## PROMPT
Once the pictures have been excluded, set down each remaining entry word for word.

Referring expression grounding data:
<<<<

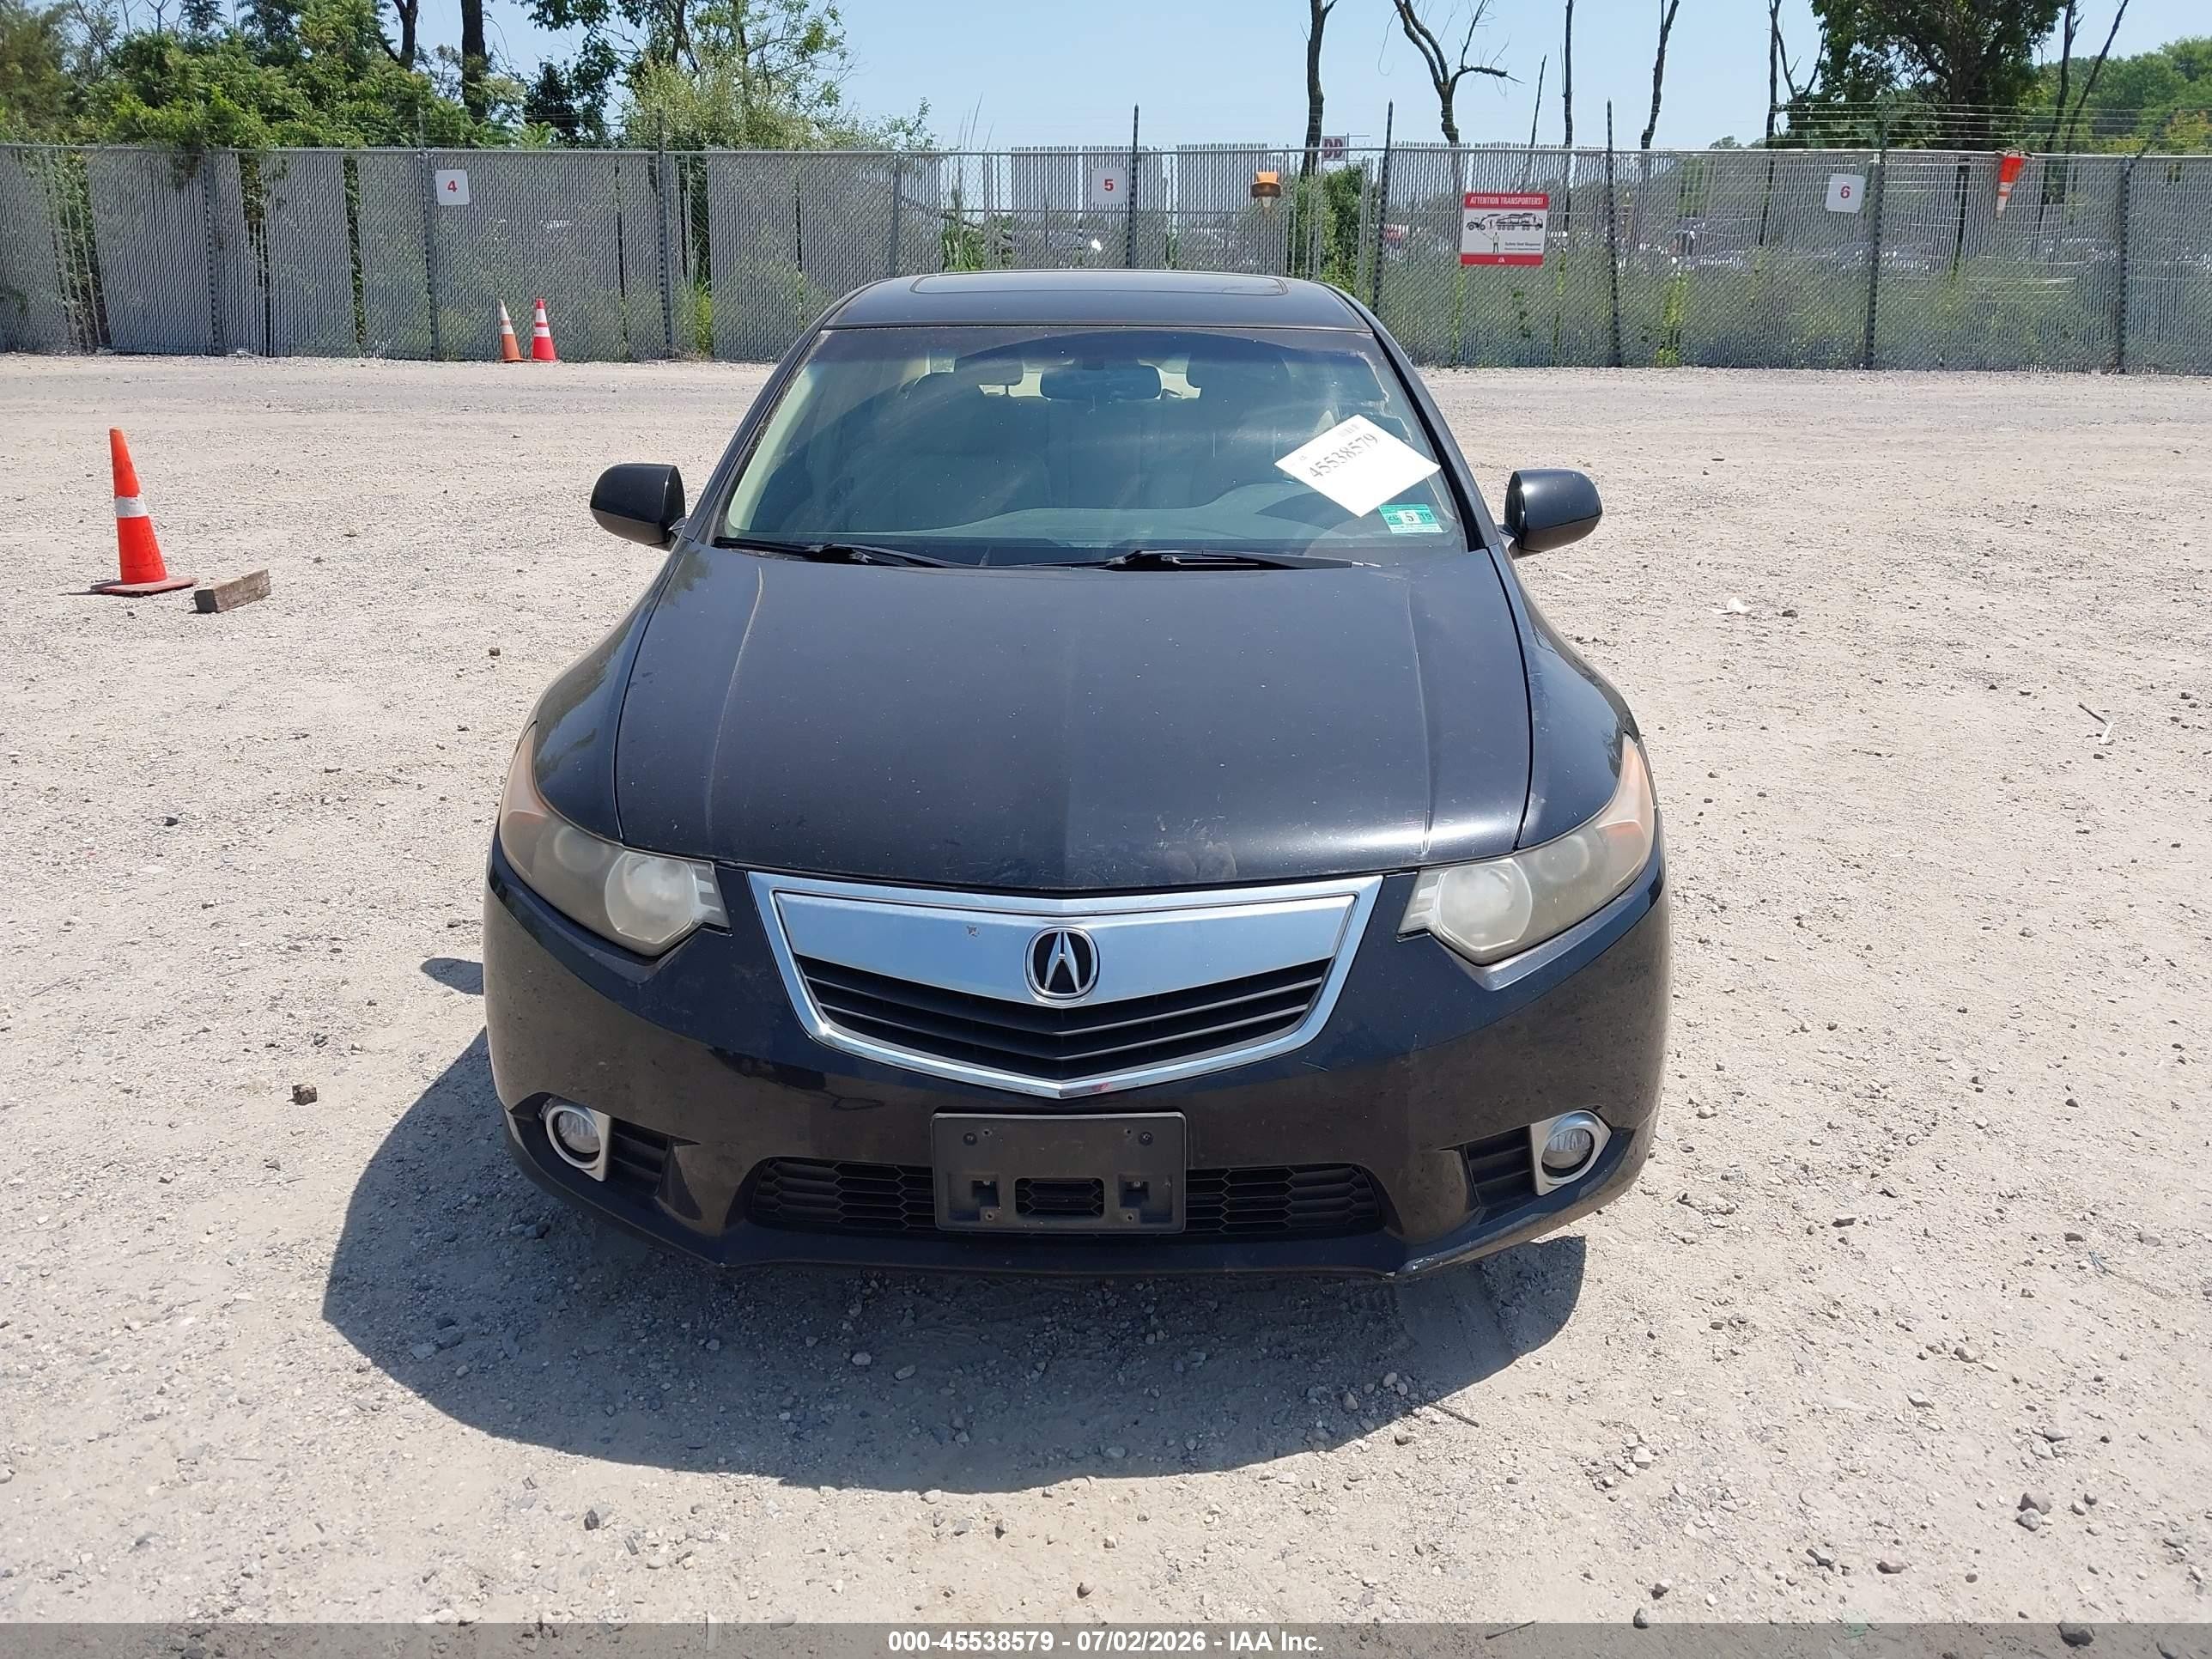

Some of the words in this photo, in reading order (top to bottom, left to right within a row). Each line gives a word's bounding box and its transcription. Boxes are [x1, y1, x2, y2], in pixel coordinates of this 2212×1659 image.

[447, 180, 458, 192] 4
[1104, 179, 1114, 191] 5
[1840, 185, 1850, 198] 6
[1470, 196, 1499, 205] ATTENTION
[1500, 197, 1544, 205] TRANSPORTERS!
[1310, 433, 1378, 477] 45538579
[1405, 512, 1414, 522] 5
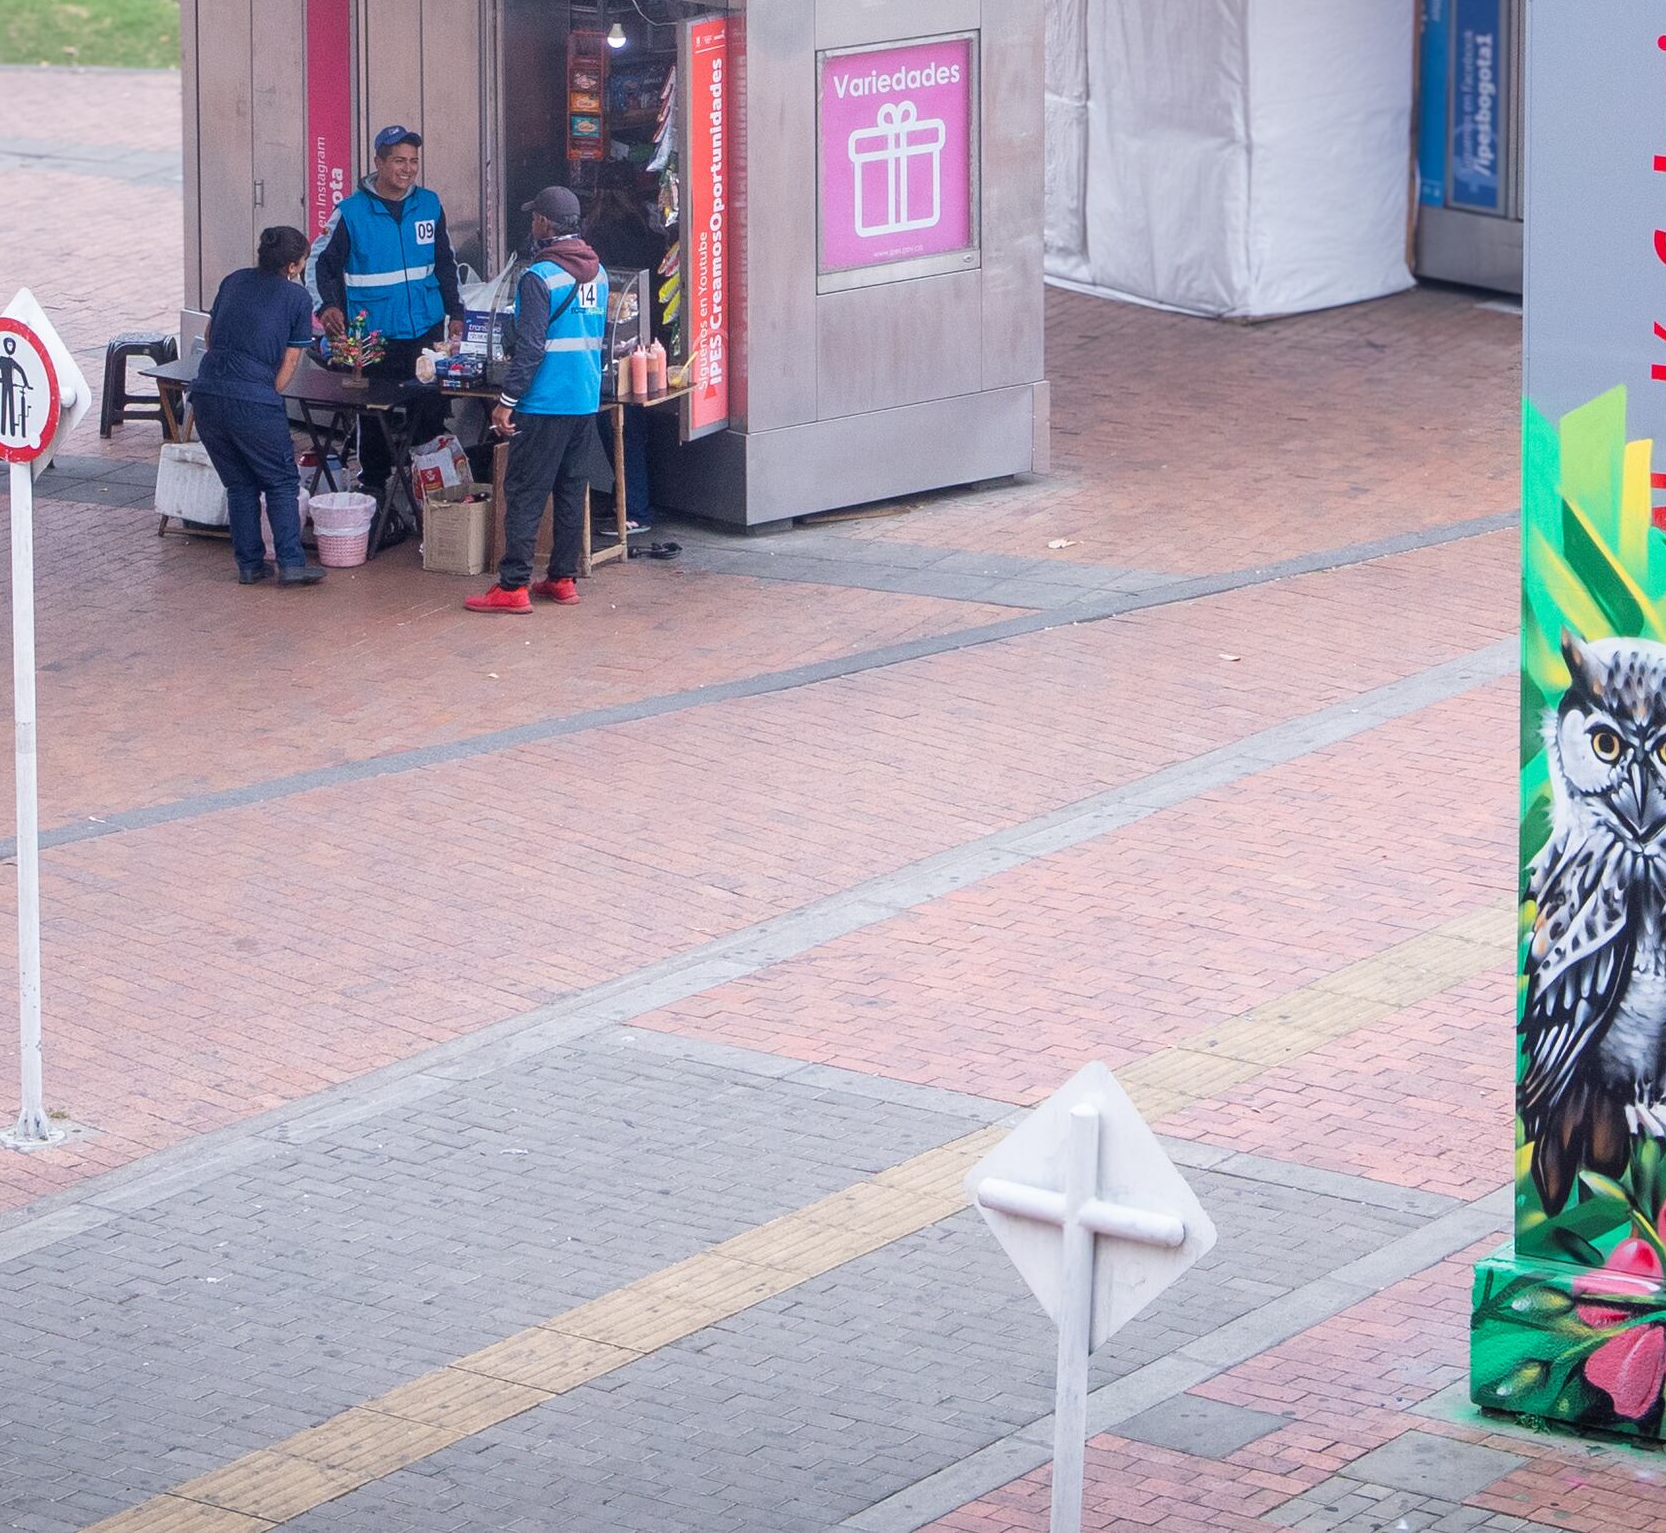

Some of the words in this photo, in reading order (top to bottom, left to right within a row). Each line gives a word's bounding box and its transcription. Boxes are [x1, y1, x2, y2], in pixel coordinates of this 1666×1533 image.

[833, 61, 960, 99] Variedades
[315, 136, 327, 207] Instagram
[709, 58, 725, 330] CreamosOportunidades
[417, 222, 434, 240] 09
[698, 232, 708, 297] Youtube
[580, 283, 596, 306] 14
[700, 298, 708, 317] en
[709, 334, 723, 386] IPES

>>>>

## WRITTEN SOLUTION
Some of the words in this photo, in reading order (top to bottom, left to right within a row). Each line gives a word's bounding box and its transcription. Boxes are [x1, y1, x2, y2], in pixel coordinates of this 2212×1659 image.

[447, 180, 458, 192] 4
[1104, 179, 1114, 191] 5
[1840, 185, 1850, 198] 6
[1470, 196, 1499, 205] ATTENTION
[1500, 197, 1544, 205] TRANSPORTERS!
[1310, 433, 1378, 477] 45538579
[1405, 512, 1414, 522] 5

Some of the words in this photo, in reading order (top to bottom, left to right within a row). Each line gives a word's bounding box and its transcription. Boxes are [x1, y1, x2, y2], in pixel coordinates of this 1666×1533 image.

[833, 61, 960, 99] Variedades
[315, 136, 327, 207] Instagram
[709, 58, 725, 330] CreamosOportunidades
[417, 222, 434, 240] 09
[698, 232, 708, 297] Youtube
[580, 283, 596, 306] 14
[700, 298, 708, 317] en
[709, 334, 723, 386] IPES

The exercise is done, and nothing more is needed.